■ THE TASK: If an entry contains a picture, omit that picture and transcribe everything else exactly.

[TASK DATA — start]

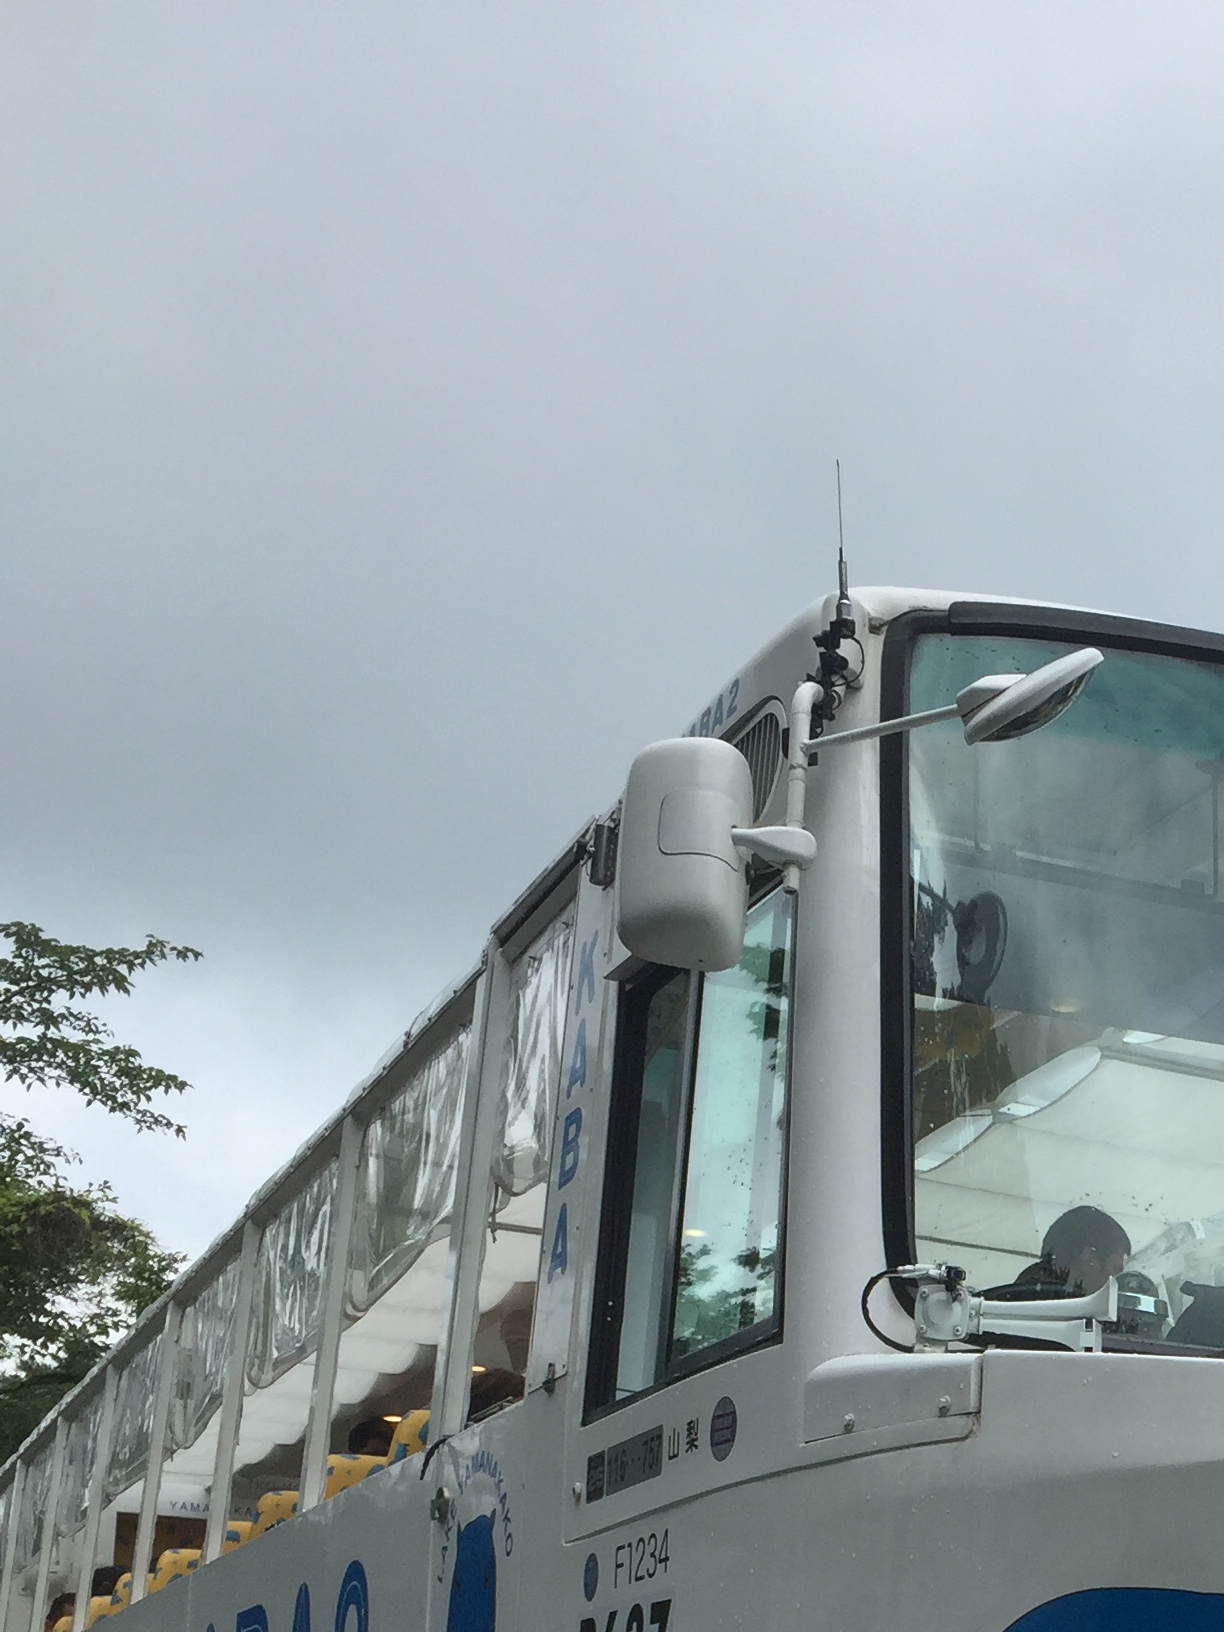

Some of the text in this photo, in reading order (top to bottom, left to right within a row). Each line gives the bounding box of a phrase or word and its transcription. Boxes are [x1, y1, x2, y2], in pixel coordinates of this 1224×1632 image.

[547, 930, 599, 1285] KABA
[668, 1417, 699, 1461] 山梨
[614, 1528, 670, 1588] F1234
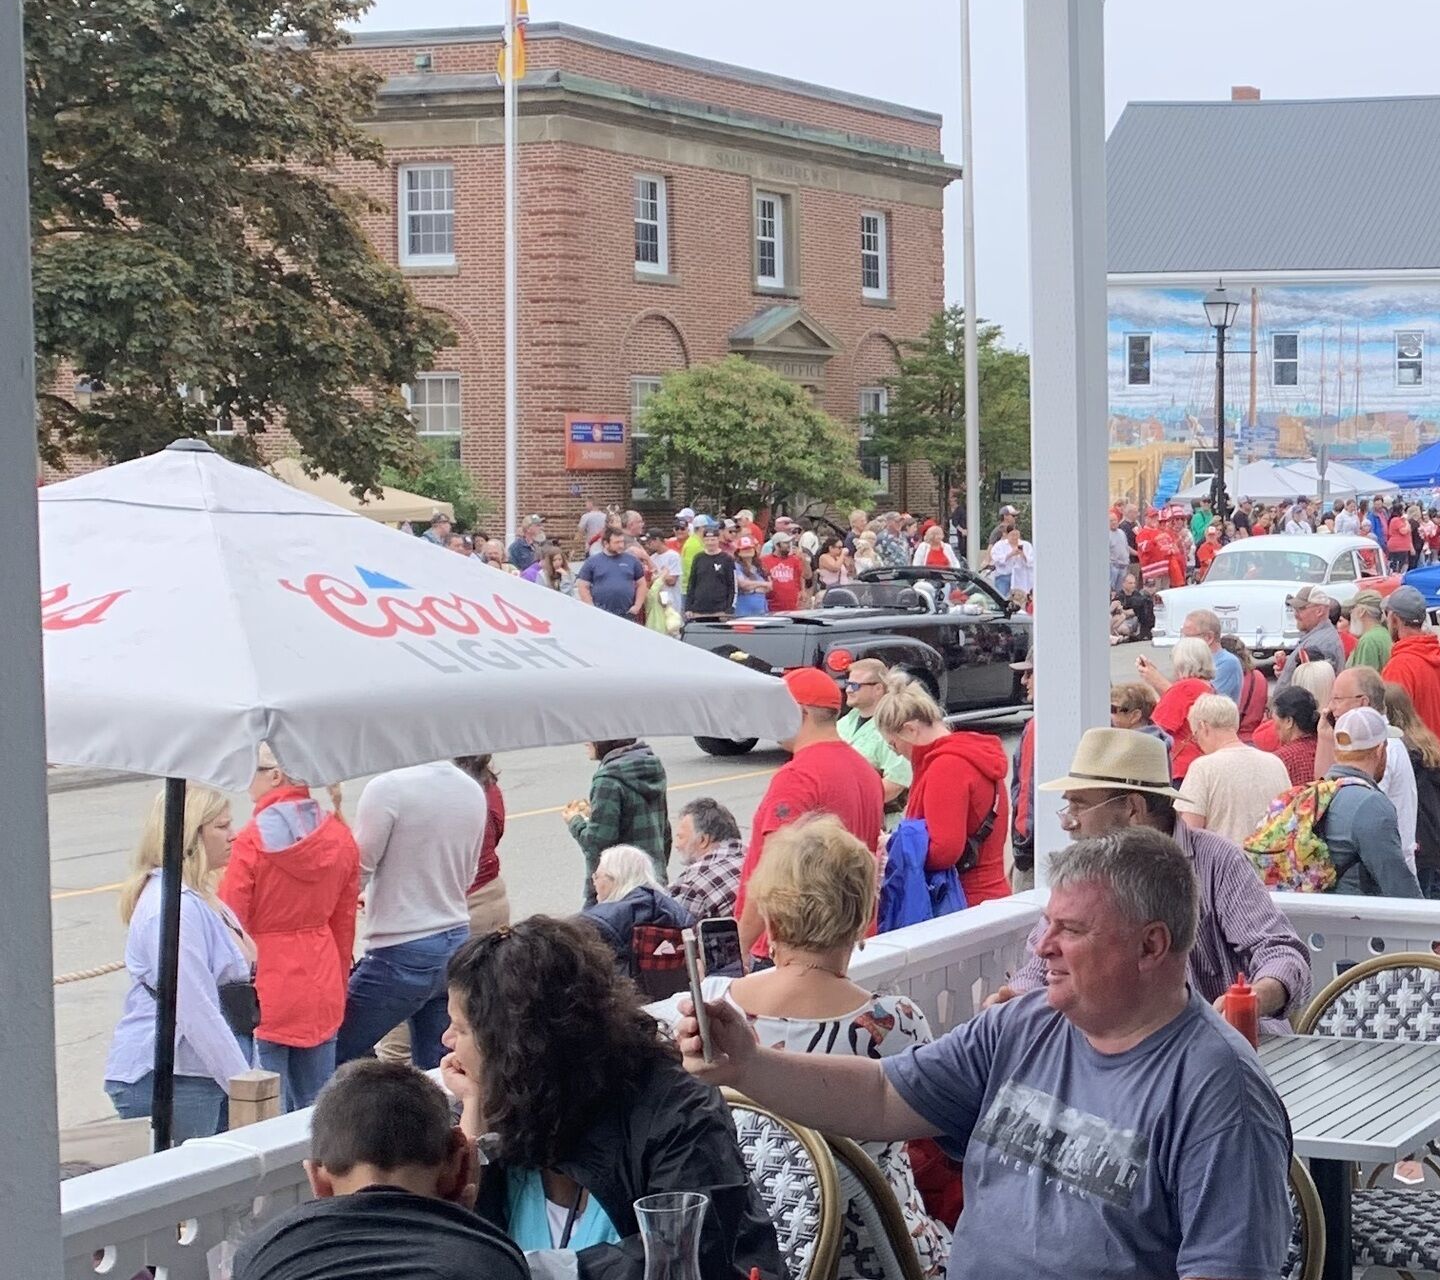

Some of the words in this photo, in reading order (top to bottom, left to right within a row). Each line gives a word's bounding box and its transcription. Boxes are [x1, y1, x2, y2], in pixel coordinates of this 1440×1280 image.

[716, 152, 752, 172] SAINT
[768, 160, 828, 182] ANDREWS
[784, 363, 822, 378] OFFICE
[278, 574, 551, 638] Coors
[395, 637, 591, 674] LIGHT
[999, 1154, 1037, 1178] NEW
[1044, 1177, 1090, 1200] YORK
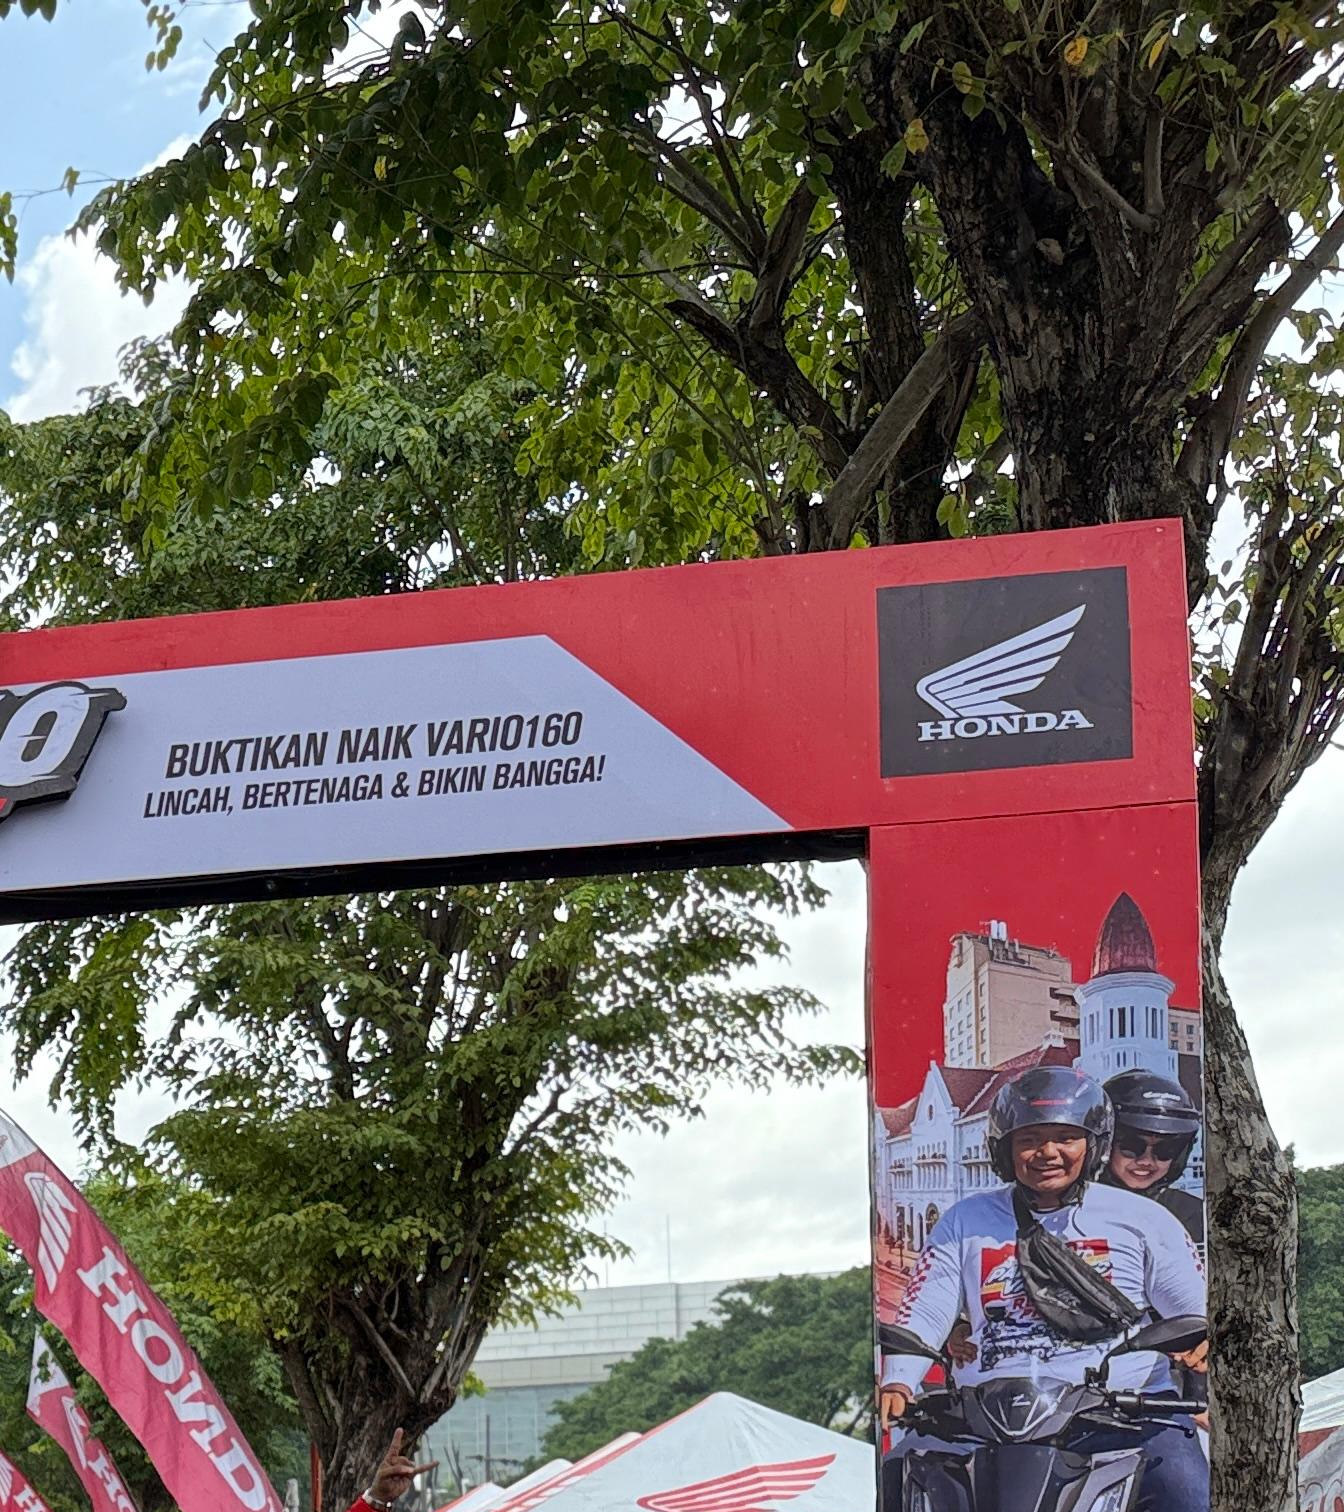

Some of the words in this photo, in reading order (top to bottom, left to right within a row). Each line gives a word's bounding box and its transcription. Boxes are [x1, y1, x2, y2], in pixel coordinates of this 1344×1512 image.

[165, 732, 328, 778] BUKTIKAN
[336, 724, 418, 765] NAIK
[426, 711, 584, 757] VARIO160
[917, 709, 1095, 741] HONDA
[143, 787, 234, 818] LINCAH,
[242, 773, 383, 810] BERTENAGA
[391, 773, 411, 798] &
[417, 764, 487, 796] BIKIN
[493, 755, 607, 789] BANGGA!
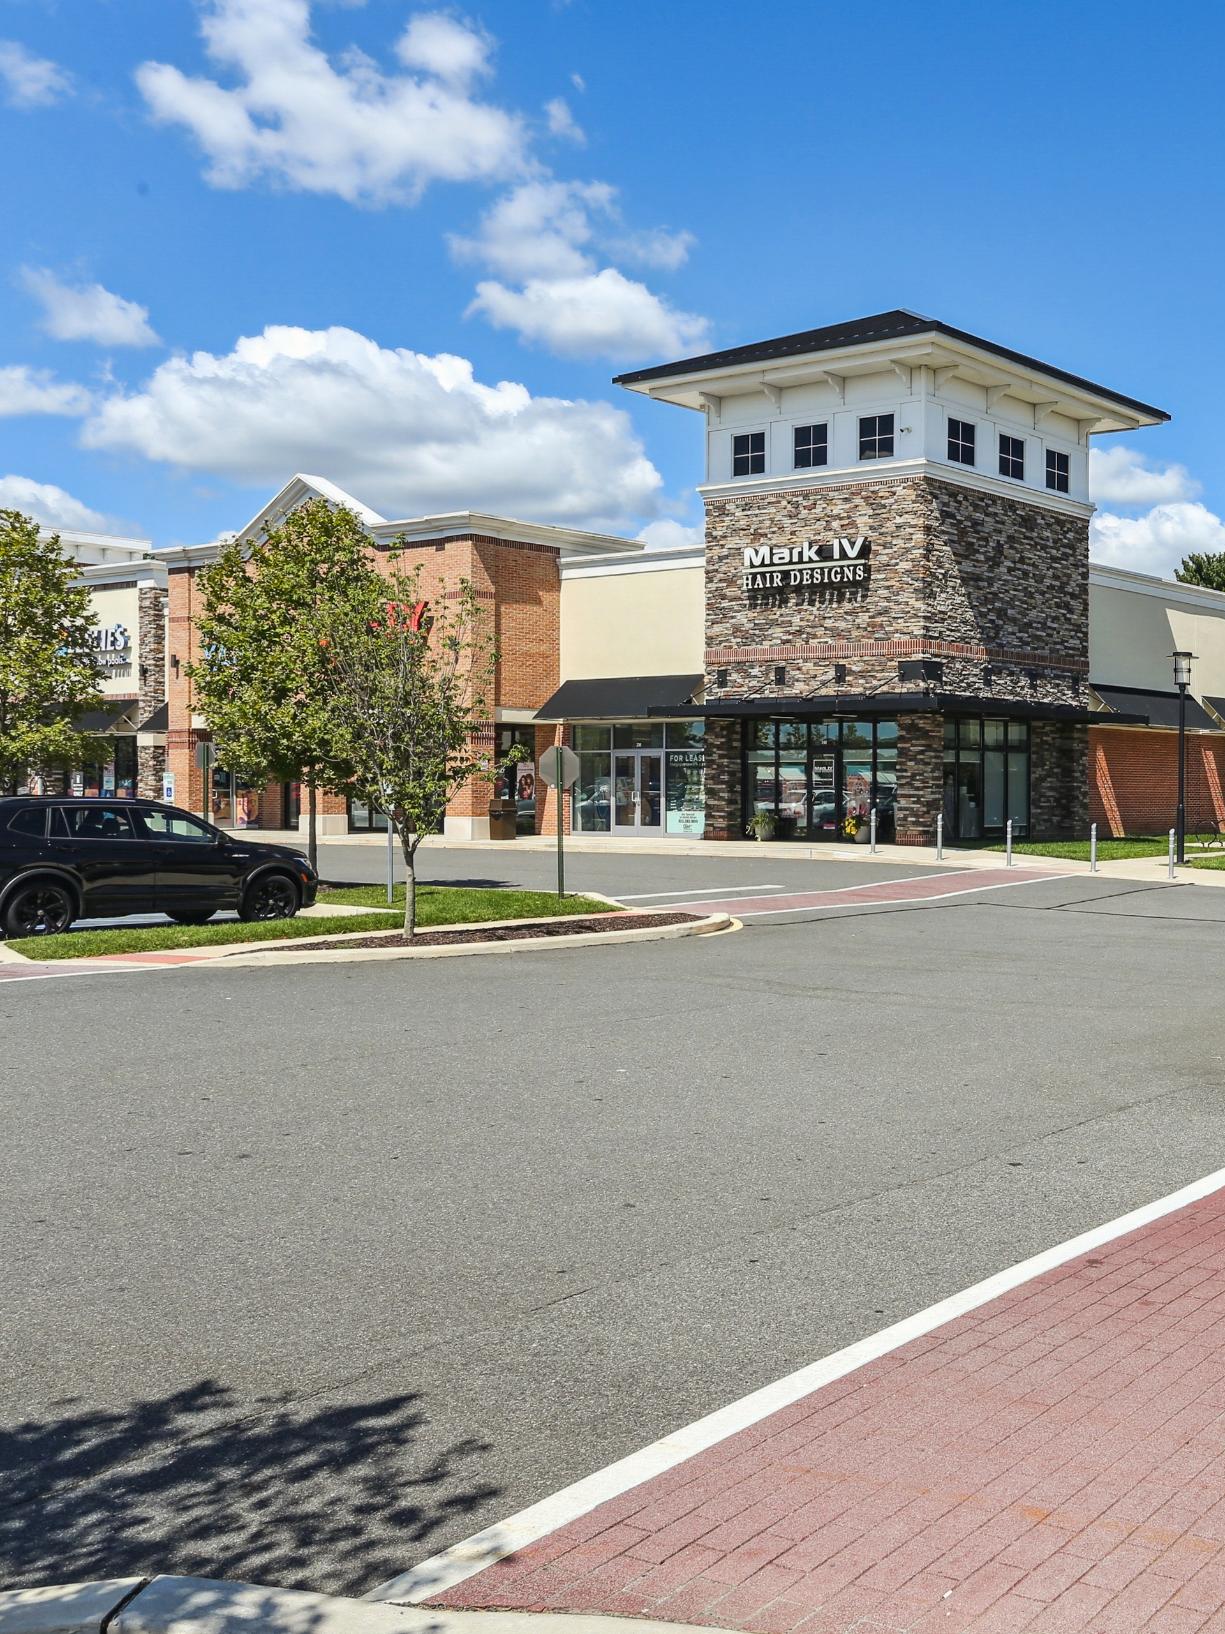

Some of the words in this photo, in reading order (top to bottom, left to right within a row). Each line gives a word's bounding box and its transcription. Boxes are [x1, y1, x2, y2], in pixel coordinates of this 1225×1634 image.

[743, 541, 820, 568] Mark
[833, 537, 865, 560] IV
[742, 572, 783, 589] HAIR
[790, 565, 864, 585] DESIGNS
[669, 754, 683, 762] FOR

[TASK DATA — finish]

■ RESPONSE TO THE TASK:
Some of the text in this photo, in reading order (top to bottom, left to right within a row). Each line gives the bounding box of a phrase or word and its transcription. Boxes are [x1, y1, x2, y2], in pixel coordinates of this 1224×1632 image.

[547, 930, 599, 1285] KABA
[668, 1417, 699, 1461] 山梨
[614, 1528, 670, 1588] F1234

Some of the words in this photo, in reading order (top to bottom, left to right within a row). Each line gives a word's bounding box and its transcription. Boxes are [x1, y1, x2, y2], in pixel coordinates of this 1440×1280 image.

[716, 152, 752, 172] SAINT
[768, 160, 828, 182] ANDREWS
[784, 363, 822, 378] OFFICE
[278, 574, 551, 638] Coors
[395, 637, 591, 674] LIGHT
[999, 1154, 1037, 1178] NEW
[1044, 1177, 1090, 1200] YORK

Some of the words in this photo, in reading order (top to bottom, left to right within a row). Each line gives a word's bounding box and its transcription. Boxes are [x1, y1, x2, y2], in pixel coordinates of this 1344×1512 image.

[165, 732, 328, 778] BUKTIKAN
[336, 724, 418, 765] NAIK
[426, 711, 584, 757] VARIO160
[917, 709, 1095, 741] HONDA
[143, 787, 234, 818] LINCAH,
[242, 773, 383, 810] BERTENAGA
[391, 773, 411, 798] &
[417, 764, 487, 796] BIKIN
[493, 755, 607, 789] BANGGA!

Some of the words in this photo, in reading order (top to bottom, left to right within a row). Each line gives a word's bounding box and its transcription. Boxes are [x1, y1, x2, y2], in pixel coordinates of this 1225×1634 image.

[743, 541, 820, 568] Mark
[833, 537, 865, 560] IV
[742, 572, 783, 589] HAIR
[790, 565, 864, 585] DESIGNS
[669, 754, 683, 762] FOR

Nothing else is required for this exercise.